EXERCISE AIM: The pictures are to be dropped, and the records below are to be restated word for word.

DATASET ENTRIES:
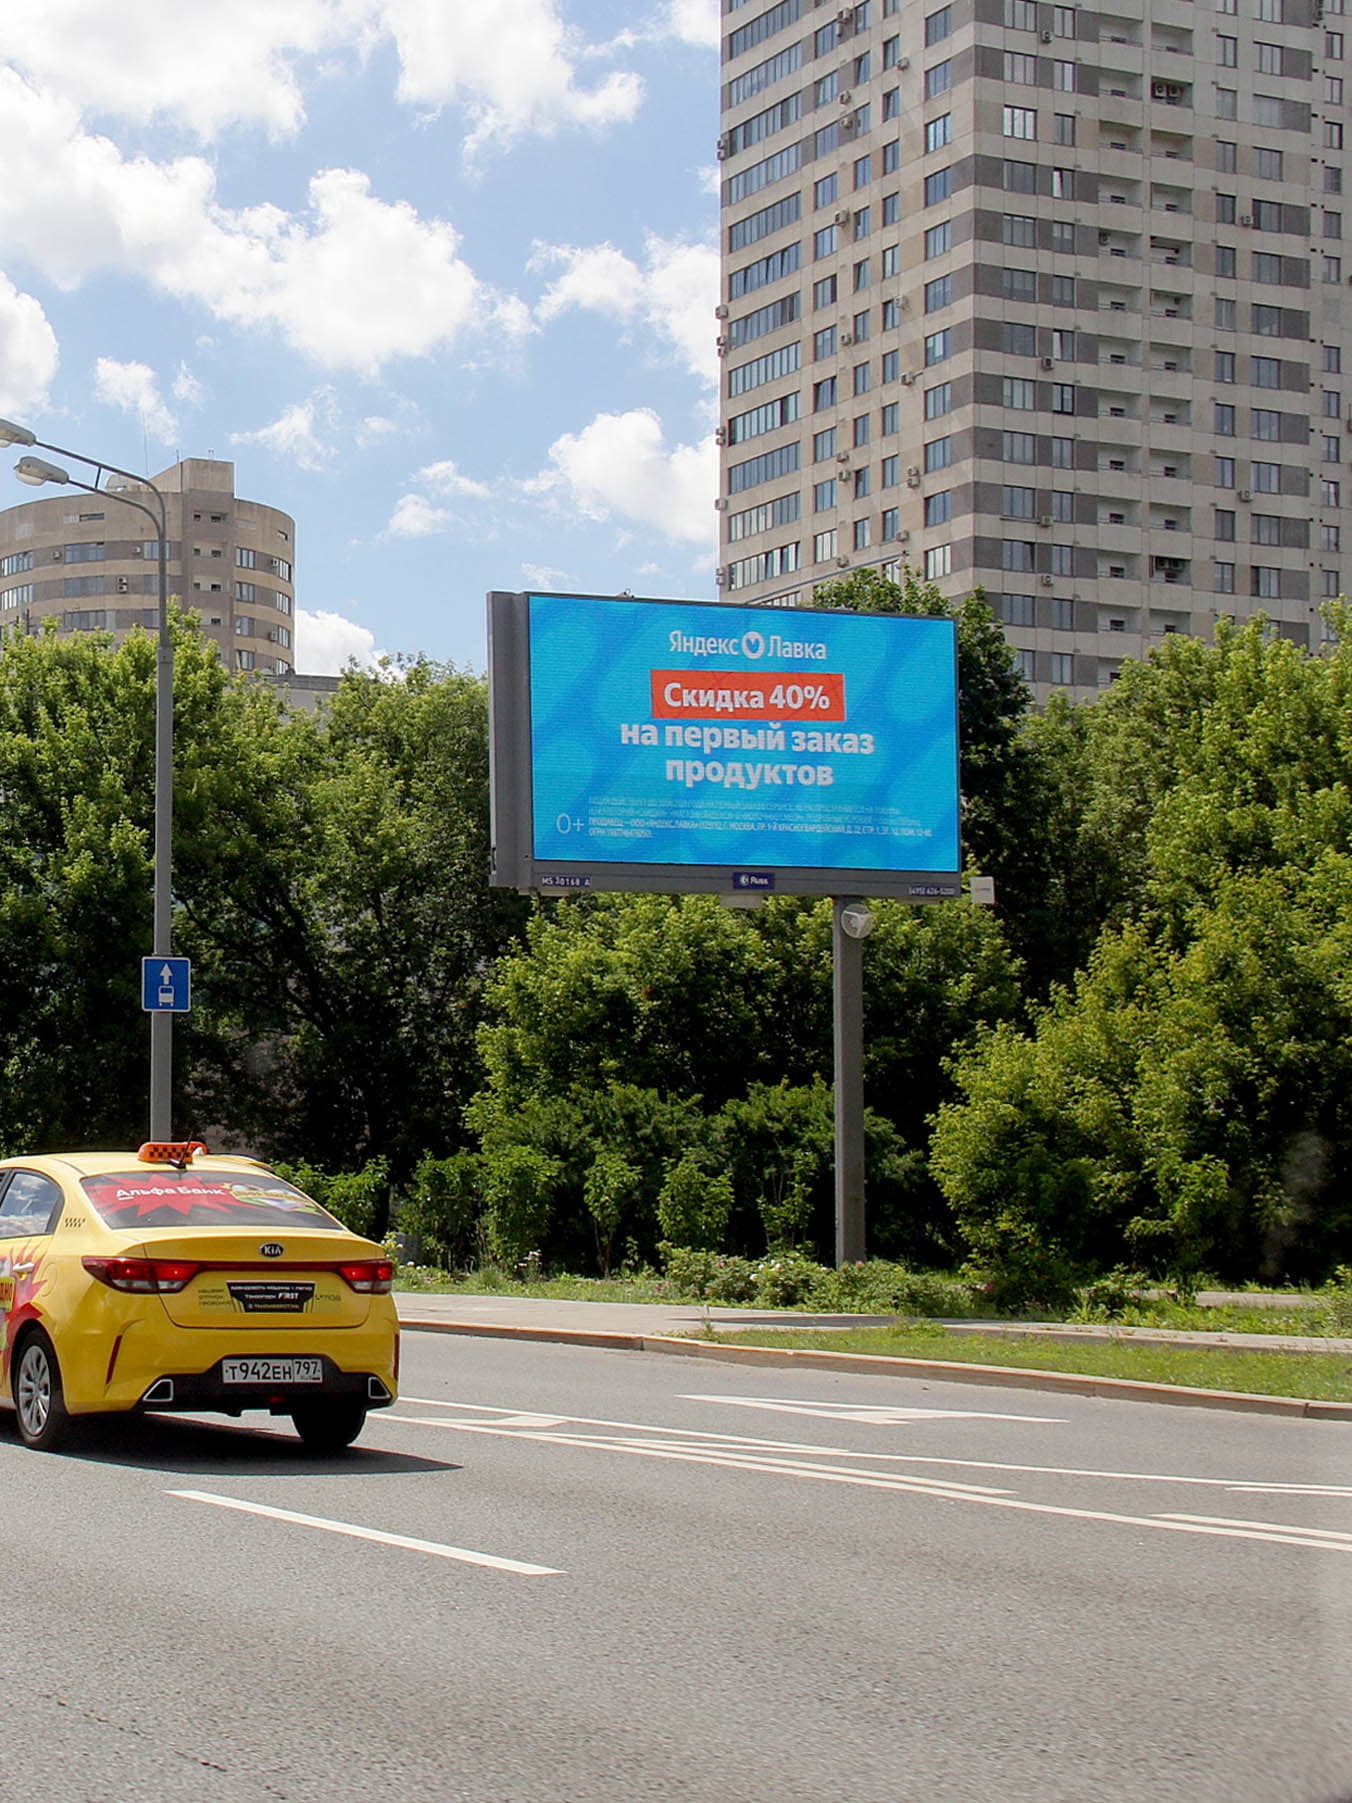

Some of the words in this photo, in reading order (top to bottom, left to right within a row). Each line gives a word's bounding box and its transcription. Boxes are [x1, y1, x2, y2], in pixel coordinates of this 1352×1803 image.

[669, 630, 740, 656] Яндекс
[768, 635, 827, 659] Лавка
[664, 682, 765, 712] Скидка
[769, 684, 831, 710] 40%
[620, 723, 659, 745] на
[665, 722, 785, 754] первый
[792, 732, 875, 754] заказ
[666, 759, 834, 790] продуктов
[556, 813, 585, 834] 0+
[116, 1187, 176, 1197] Альфа
[177, 1186, 225, 1196] Банк
[264, 1245, 282, 1255] KIA
[295, 1361, 318, 1374] 797
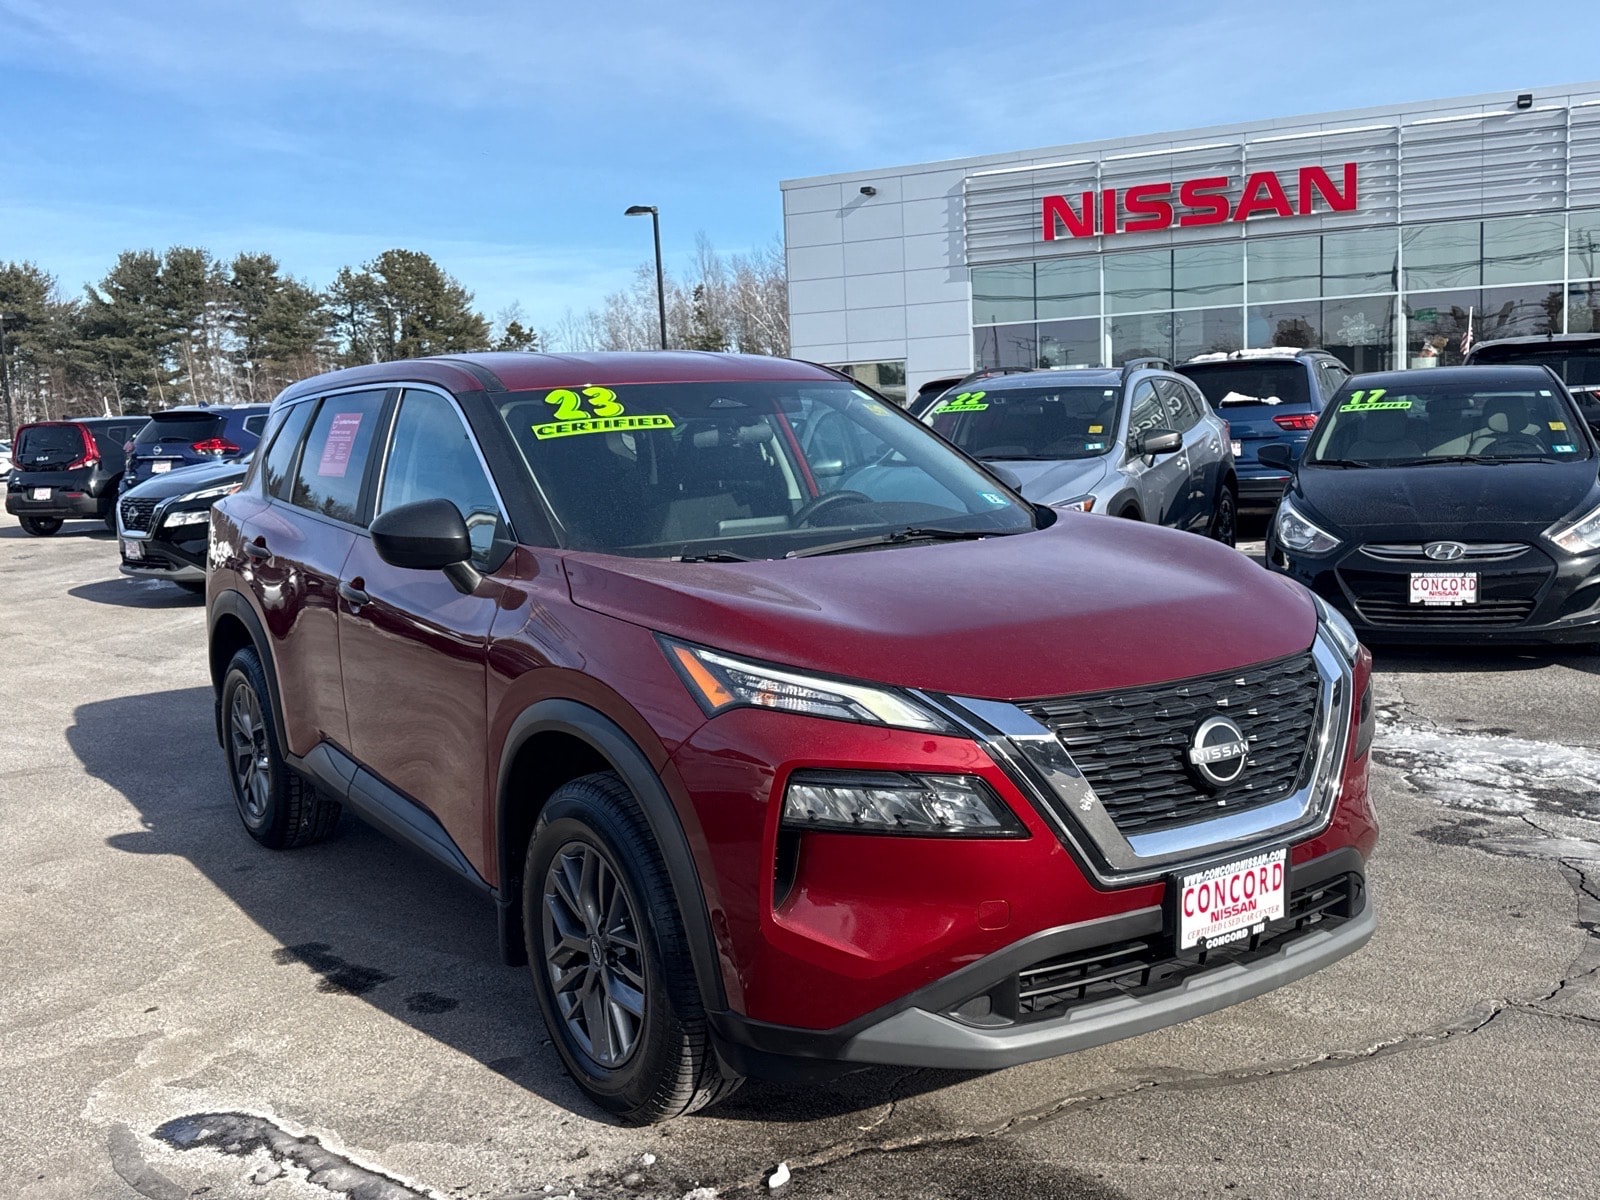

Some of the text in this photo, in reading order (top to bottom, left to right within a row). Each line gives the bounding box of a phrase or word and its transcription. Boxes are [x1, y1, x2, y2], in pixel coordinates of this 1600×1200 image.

[1042, 162, 1357, 241] NISSAN
[544, 386, 625, 421] 23
[950, 391, 986, 406] 22
[1341, 402, 1409, 411] CERTIFIED
[1350, 388, 1387, 405] 17
[935, 404, 987, 413] CERTIFIED
[536, 416, 669, 436] CERTIFIED
[1412, 579, 1477, 591] CONCORD
[1191, 741, 1249, 762] NISSAN
[1184, 863, 1283, 918] CONCORD
[1210, 898, 1257, 923] NISSAN
[1187, 922, 1223, 941] CERTIFIED
[1241, 912, 1255, 923] CAR
[1206, 922, 1265, 950] CONCORD NH
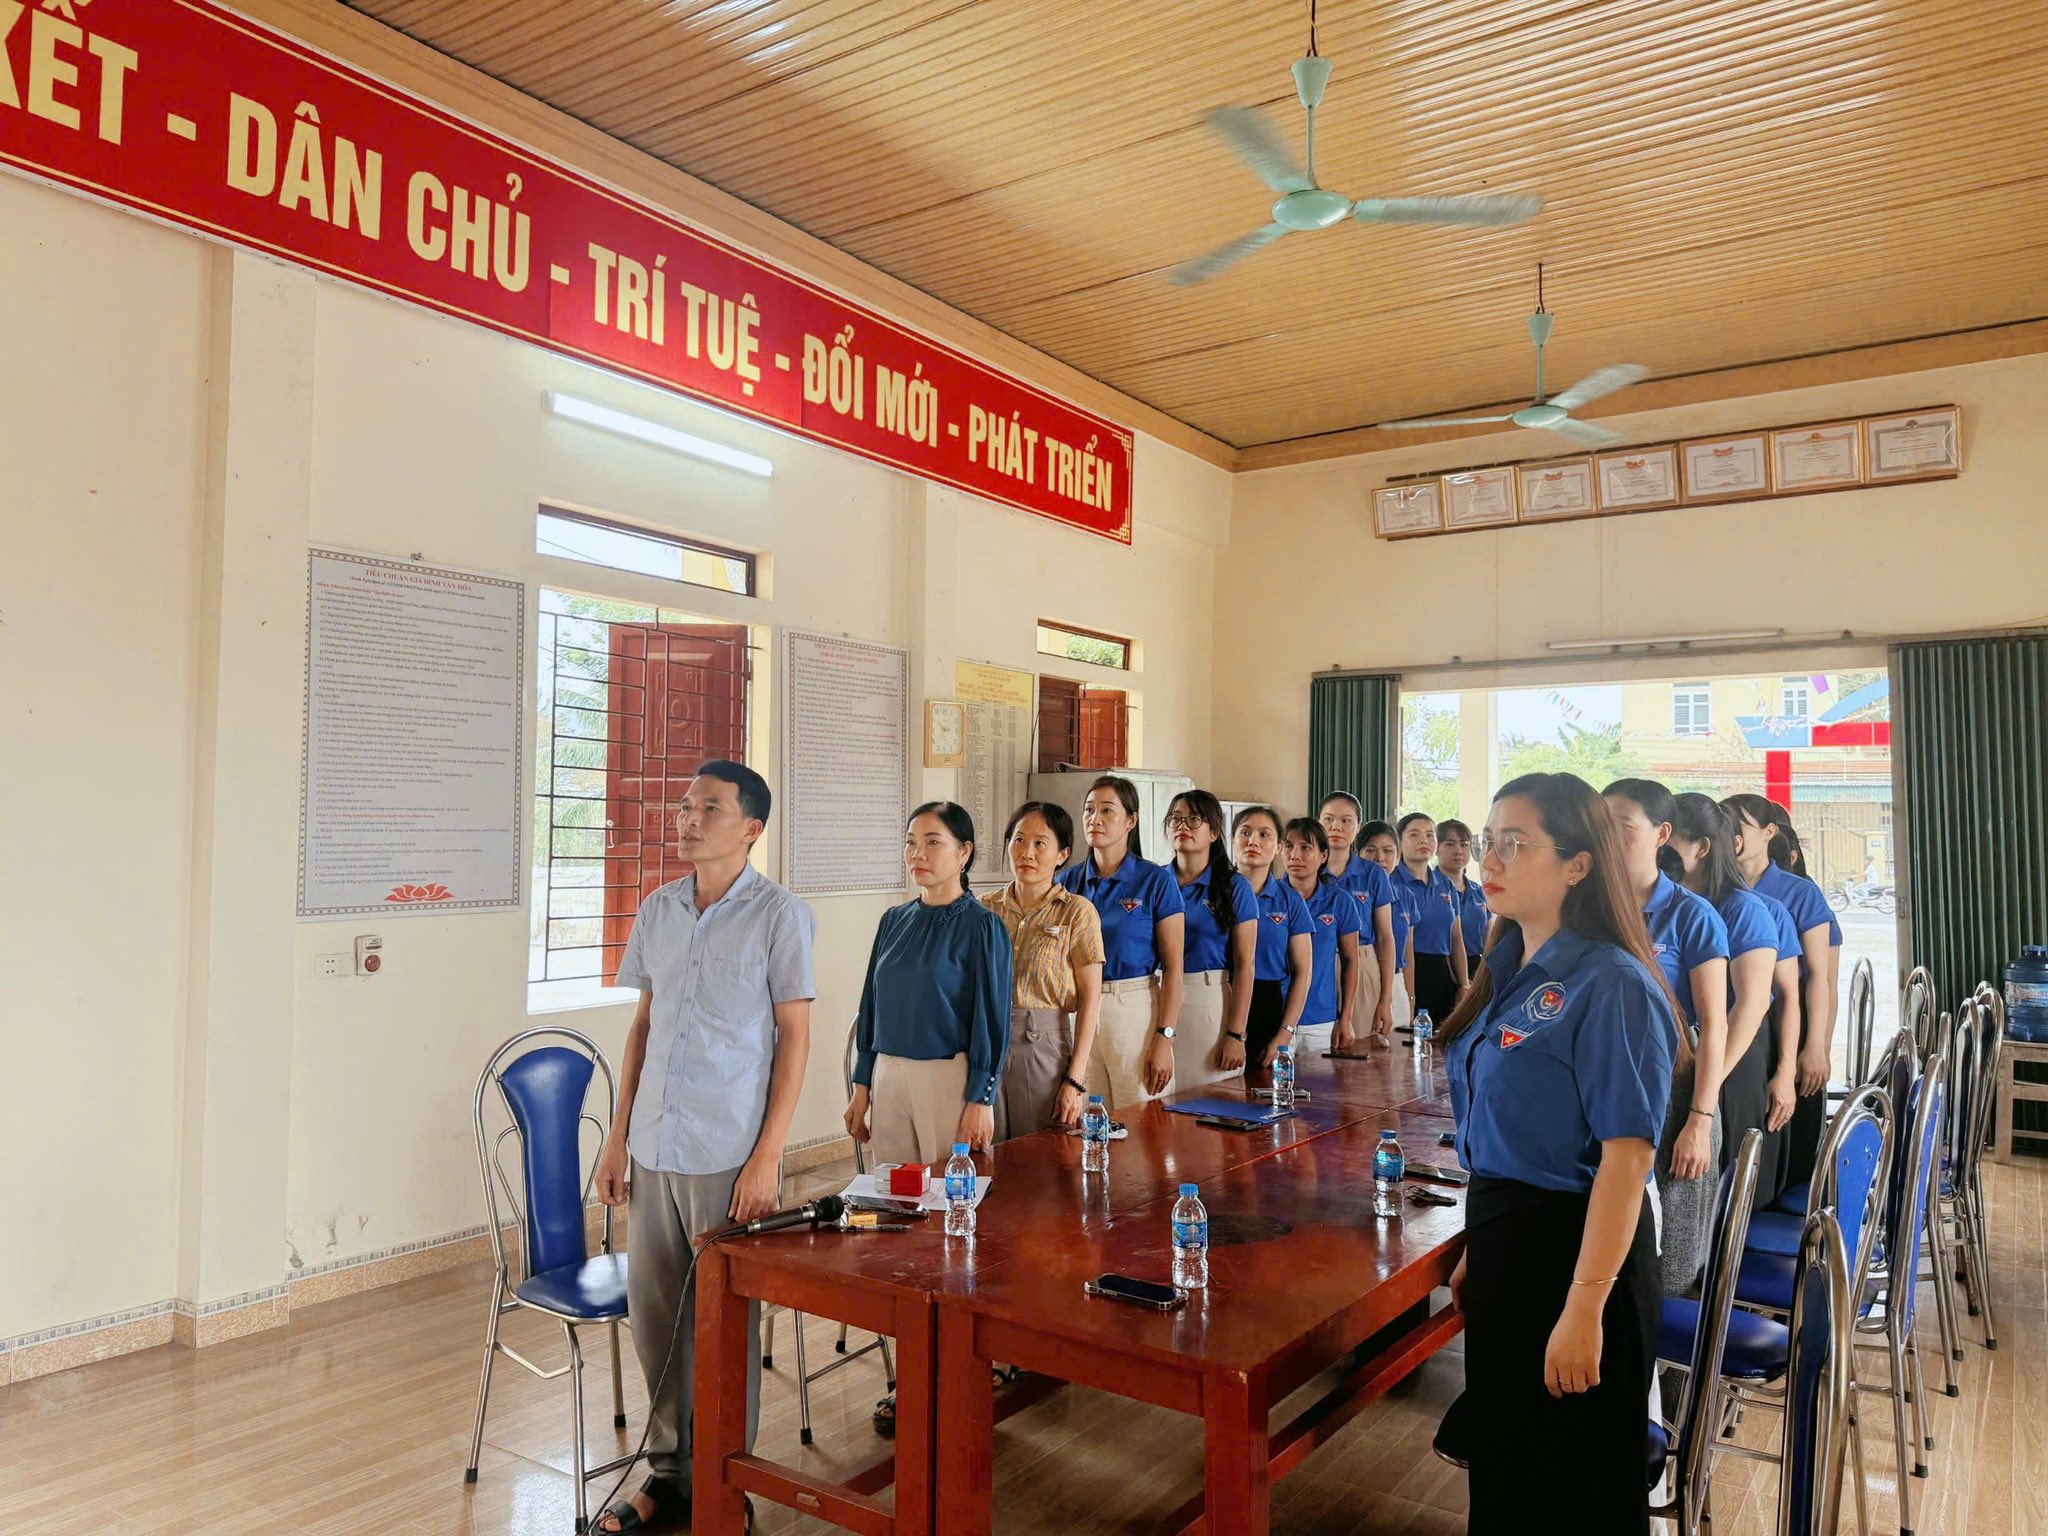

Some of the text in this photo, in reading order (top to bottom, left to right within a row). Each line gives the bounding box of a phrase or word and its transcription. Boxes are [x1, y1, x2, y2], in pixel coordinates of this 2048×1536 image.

[227, 92, 383, 241] DÂN
[407, 172, 531, 292] CHỦ
[588, 241, 667, 347] TRÍ
[681, 292, 761, 397] TUỆ
[802, 324, 864, 421] ĐỔI
[876, 362, 938, 448] MỚI
[968, 403, 1039, 485] PHÁT
[1045, 434, 1112, 512] TRIỂN

SOLUTION FOR THIS TASK:
Some of the words in this photo, in reading order (top to bottom, left to right within a row). Each line gives a word's bounding box and its transcription. Boxes are [x1, y1, x2, y2], in pixel coordinates of this 1352×1803 image.

[669, 630, 740, 656] Яндекс
[768, 635, 827, 659] Лавка
[664, 682, 765, 712] Скидка
[769, 684, 831, 710] 40%
[620, 723, 659, 745] на
[665, 722, 785, 754] первый
[792, 732, 875, 754] заказ
[666, 759, 834, 790] продуктов
[556, 813, 585, 834] 0+
[116, 1187, 176, 1197] Альфа
[177, 1186, 225, 1196] Банк
[264, 1245, 282, 1255] KIA
[295, 1361, 318, 1374] 797

Some of the text in this photo, in reading order (top to bottom, left to right within a row). Each line gives the bounding box of a phrase or word and its transcription. Boxes are [x1, y1, x2, y2], in pixel coordinates of this 1600×1200 image.

[1042, 162, 1357, 241] NISSAN
[544, 386, 625, 421] 23
[950, 391, 986, 406] 22
[1341, 402, 1409, 411] CERTIFIED
[1350, 388, 1387, 405] 17
[935, 404, 987, 413] CERTIFIED
[536, 416, 669, 436] CERTIFIED
[1412, 579, 1477, 591] CONCORD
[1191, 741, 1249, 762] NISSAN
[1184, 863, 1283, 918] CONCORD
[1210, 898, 1257, 923] NISSAN
[1187, 922, 1223, 941] CERTIFIED
[1241, 912, 1255, 923] CAR
[1206, 922, 1265, 950] CONCORD NH

Some of the text in this photo, in reading order (top to bottom, left to right within a row). Each line gives the bounding box of a phrase or word and its transcription. Boxes are [x1, y1, x2, y2], in pixel coordinates of this 2048×1536 image.

[227, 92, 383, 241] DÂN
[407, 172, 531, 292] CHỦ
[588, 241, 667, 347] TRÍ
[681, 292, 761, 397] TUỆ
[802, 324, 864, 421] ĐỔI
[876, 362, 938, 448] MỚI
[968, 403, 1039, 485] PHÁT
[1045, 434, 1112, 512] TRIỂN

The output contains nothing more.